INFORMATION:
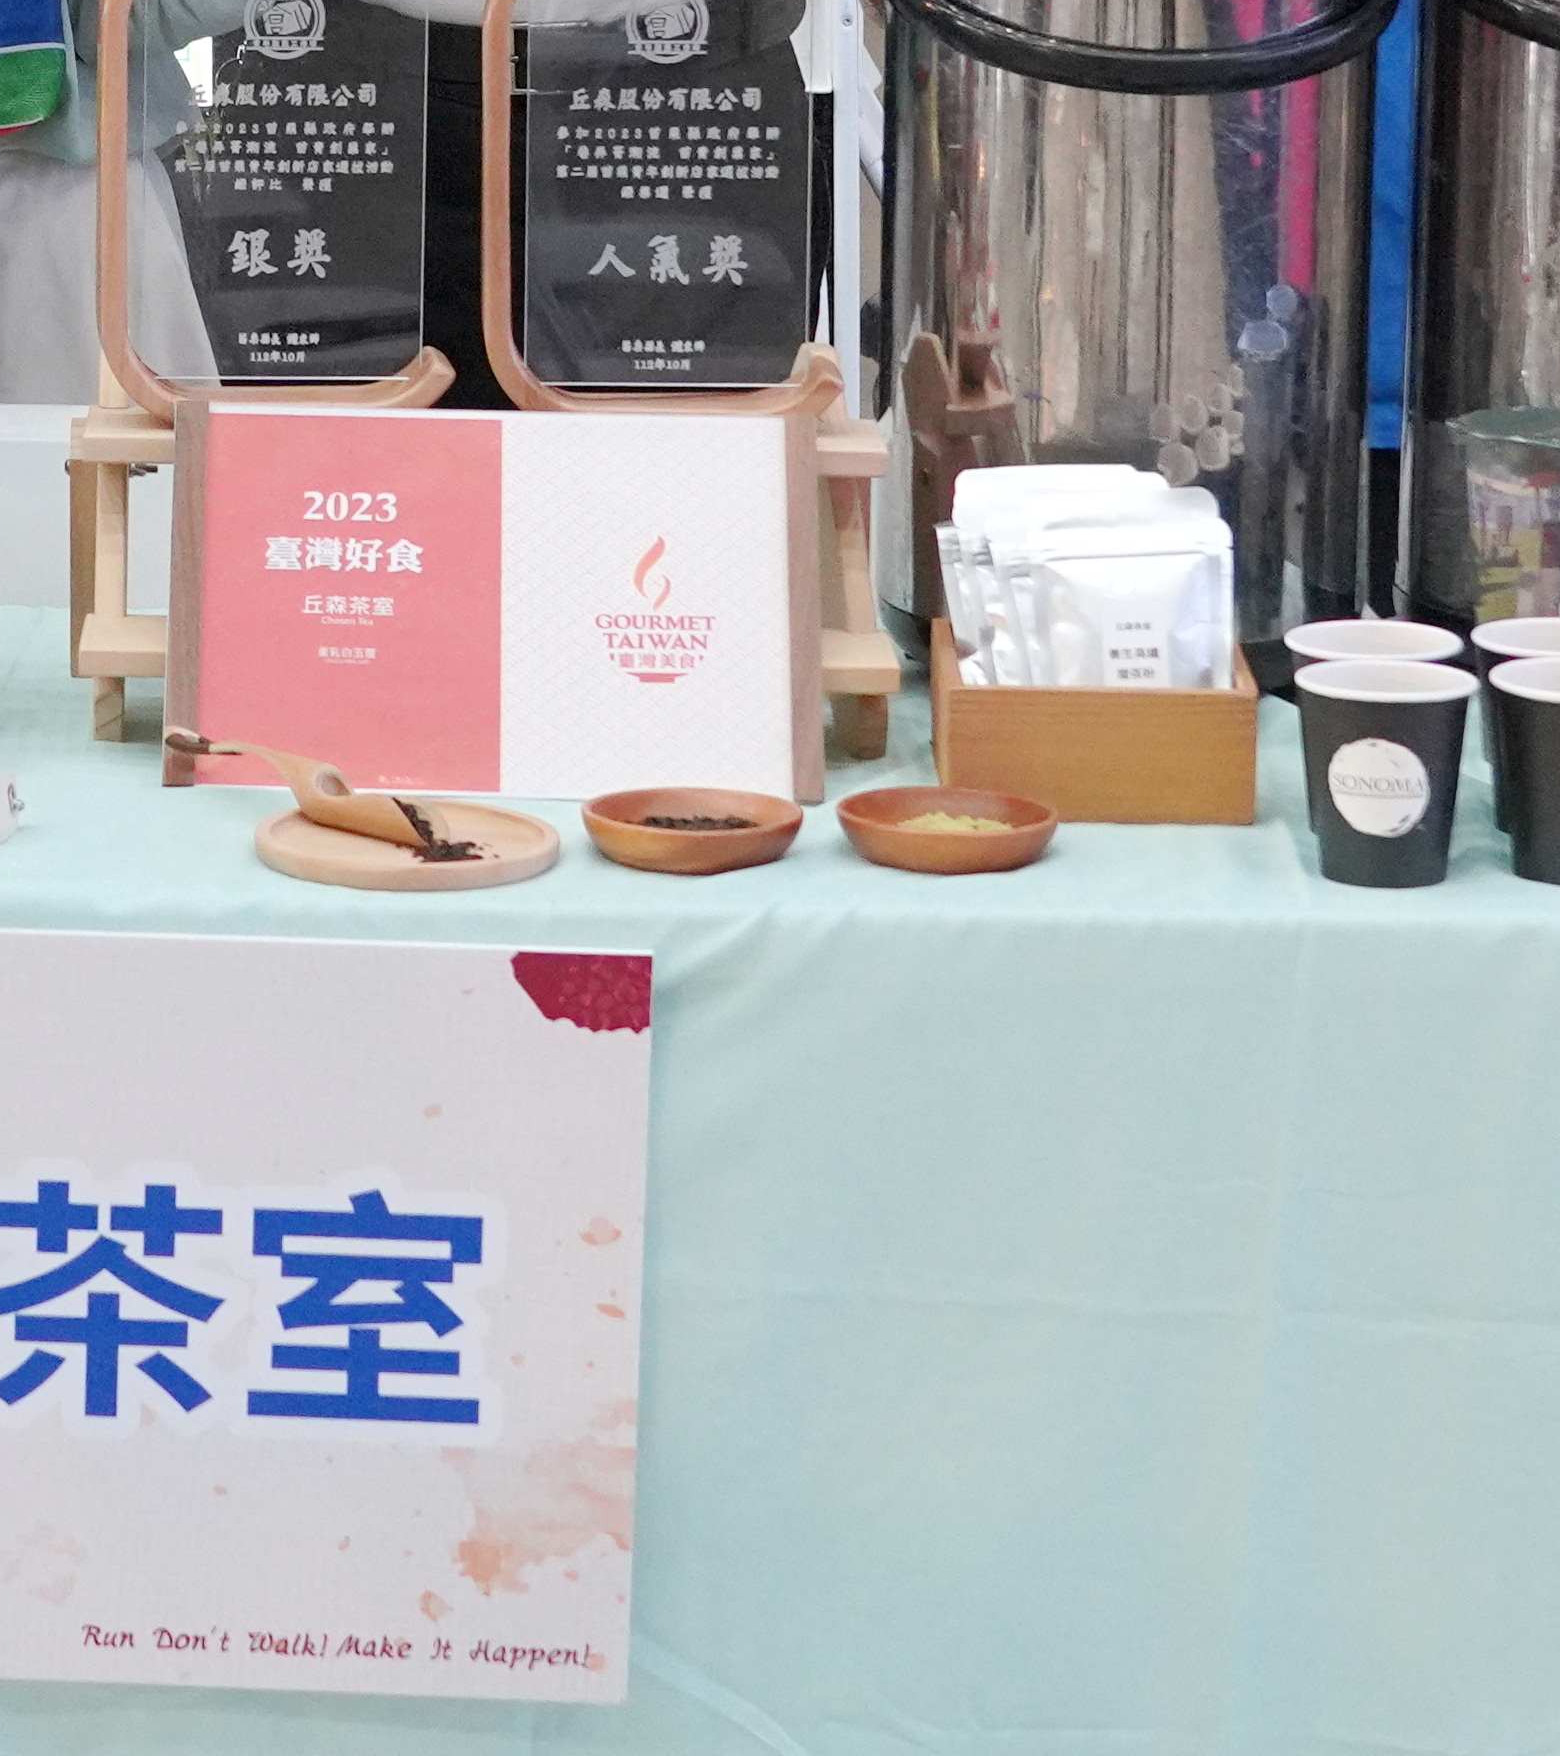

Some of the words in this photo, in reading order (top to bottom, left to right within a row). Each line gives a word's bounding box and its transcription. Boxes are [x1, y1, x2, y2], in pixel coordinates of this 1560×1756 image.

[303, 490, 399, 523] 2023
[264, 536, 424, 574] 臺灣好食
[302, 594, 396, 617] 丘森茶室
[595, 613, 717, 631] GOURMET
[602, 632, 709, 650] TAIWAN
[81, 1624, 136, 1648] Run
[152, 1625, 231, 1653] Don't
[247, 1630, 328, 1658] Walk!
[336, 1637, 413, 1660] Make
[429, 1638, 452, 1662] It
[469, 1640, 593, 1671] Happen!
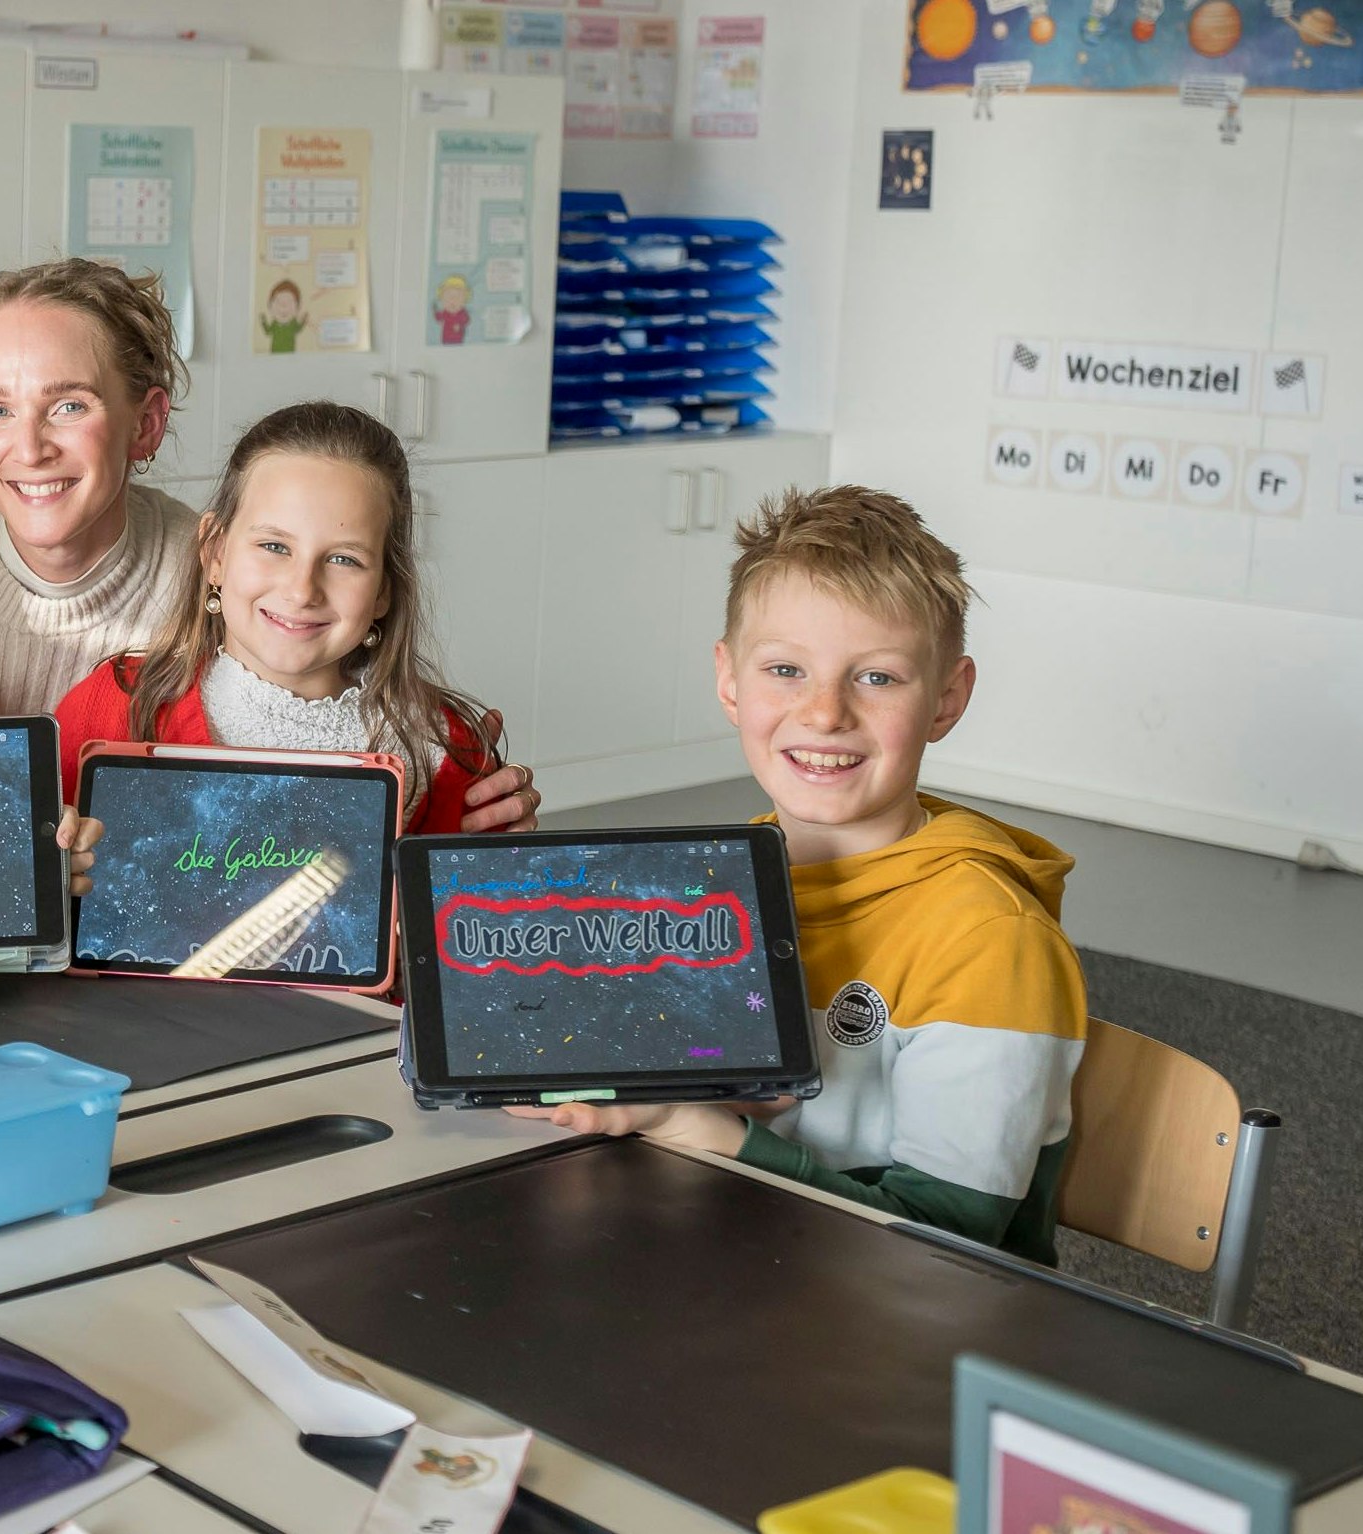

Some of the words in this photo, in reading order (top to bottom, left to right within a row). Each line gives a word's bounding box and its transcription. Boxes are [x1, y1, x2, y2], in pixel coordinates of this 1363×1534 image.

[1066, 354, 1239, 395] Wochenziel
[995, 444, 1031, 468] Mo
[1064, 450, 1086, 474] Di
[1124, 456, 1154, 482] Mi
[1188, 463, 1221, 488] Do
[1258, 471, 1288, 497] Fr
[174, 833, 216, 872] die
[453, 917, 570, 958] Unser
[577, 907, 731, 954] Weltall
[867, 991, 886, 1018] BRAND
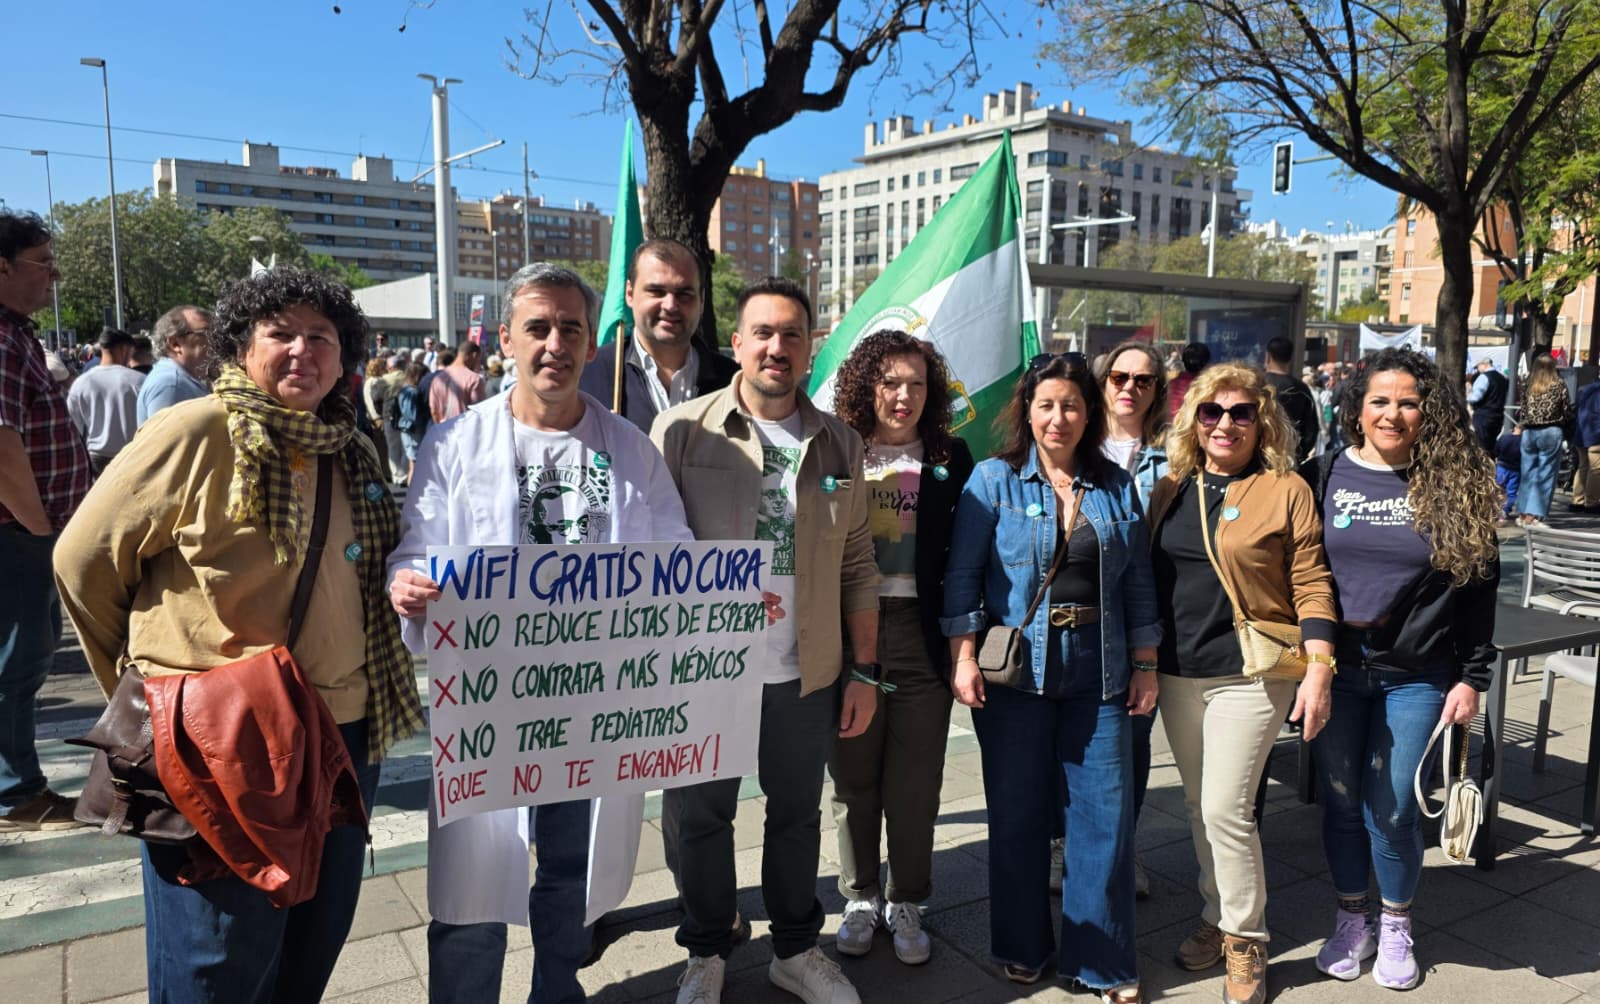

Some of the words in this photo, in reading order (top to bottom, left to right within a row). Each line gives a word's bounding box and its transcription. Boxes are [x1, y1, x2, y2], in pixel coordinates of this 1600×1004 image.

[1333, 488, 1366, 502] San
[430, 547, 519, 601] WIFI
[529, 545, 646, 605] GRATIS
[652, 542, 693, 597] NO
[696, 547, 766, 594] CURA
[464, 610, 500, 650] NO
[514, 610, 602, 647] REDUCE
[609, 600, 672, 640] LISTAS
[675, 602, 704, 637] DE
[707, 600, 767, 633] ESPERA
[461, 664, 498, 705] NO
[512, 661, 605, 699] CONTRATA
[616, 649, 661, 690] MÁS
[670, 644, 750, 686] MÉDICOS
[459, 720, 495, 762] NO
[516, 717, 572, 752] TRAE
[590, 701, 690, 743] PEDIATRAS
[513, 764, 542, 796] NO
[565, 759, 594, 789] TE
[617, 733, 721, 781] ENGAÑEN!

REQUIRED WORK: Please retype every record above exactly, leaving out the pictures.

SOLUTION TO THIS EXERCISE:
Some of the words in this photo, in reading order (top to bottom, left to right within a row). Each line gives a word's bounding box and its transcription. Boxes are [x1, y1, x2, y2], in pixel coordinates of this 1560×1756 image.

[303, 490, 399, 523] 2023
[264, 536, 424, 574] 臺灣好食
[302, 594, 396, 617] 丘森茶室
[595, 613, 717, 631] GOURMET
[602, 632, 709, 650] TAIWAN
[81, 1624, 136, 1648] Run
[152, 1625, 231, 1653] Don't
[247, 1630, 328, 1658] Walk!
[336, 1637, 413, 1660] Make
[429, 1638, 452, 1662] It
[469, 1640, 593, 1671] Happen!

Some of the words in this photo, in reading order (top to bottom, left to right within a row). Each line gives a word's bounding box and its transcription. Boxes are [x1, y1, x2, y2], in pixel coordinates of this 1363×1534 image.

[1066, 354, 1239, 395] Wochenziel
[995, 444, 1031, 468] Mo
[1064, 450, 1086, 474] Di
[1124, 456, 1154, 482] Mi
[1188, 463, 1221, 488] Do
[1258, 471, 1288, 497] Fr
[174, 833, 216, 872] die
[453, 917, 570, 958] Unser
[577, 907, 731, 954] Weltall
[867, 991, 886, 1018] BRAND

Some of the words in this photo, in reading order (top to bottom, left to right within a row). Each line gives a word's bounding box and its transcription. Boxes are [x1, y1, x2, y2], in pixel coordinates of this 1600×1004 image.

[1333, 488, 1366, 502] San
[430, 547, 519, 601] WIFI
[529, 545, 646, 605] GRATIS
[652, 542, 693, 597] NO
[696, 547, 766, 594] CURA
[464, 610, 500, 650] NO
[514, 610, 602, 647] REDUCE
[609, 600, 672, 640] LISTAS
[675, 602, 704, 637] DE
[707, 600, 767, 633] ESPERA
[461, 664, 498, 705] NO
[512, 661, 605, 699] CONTRATA
[616, 649, 661, 690] MÁS
[670, 644, 750, 686] MÉDICOS
[459, 720, 495, 762] NO
[516, 717, 572, 752] TRAE
[590, 701, 690, 743] PEDIATRAS
[513, 764, 542, 796] NO
[565, 759, 594, 789] TE
[617, 733, 721, 781] ENGAÑEN!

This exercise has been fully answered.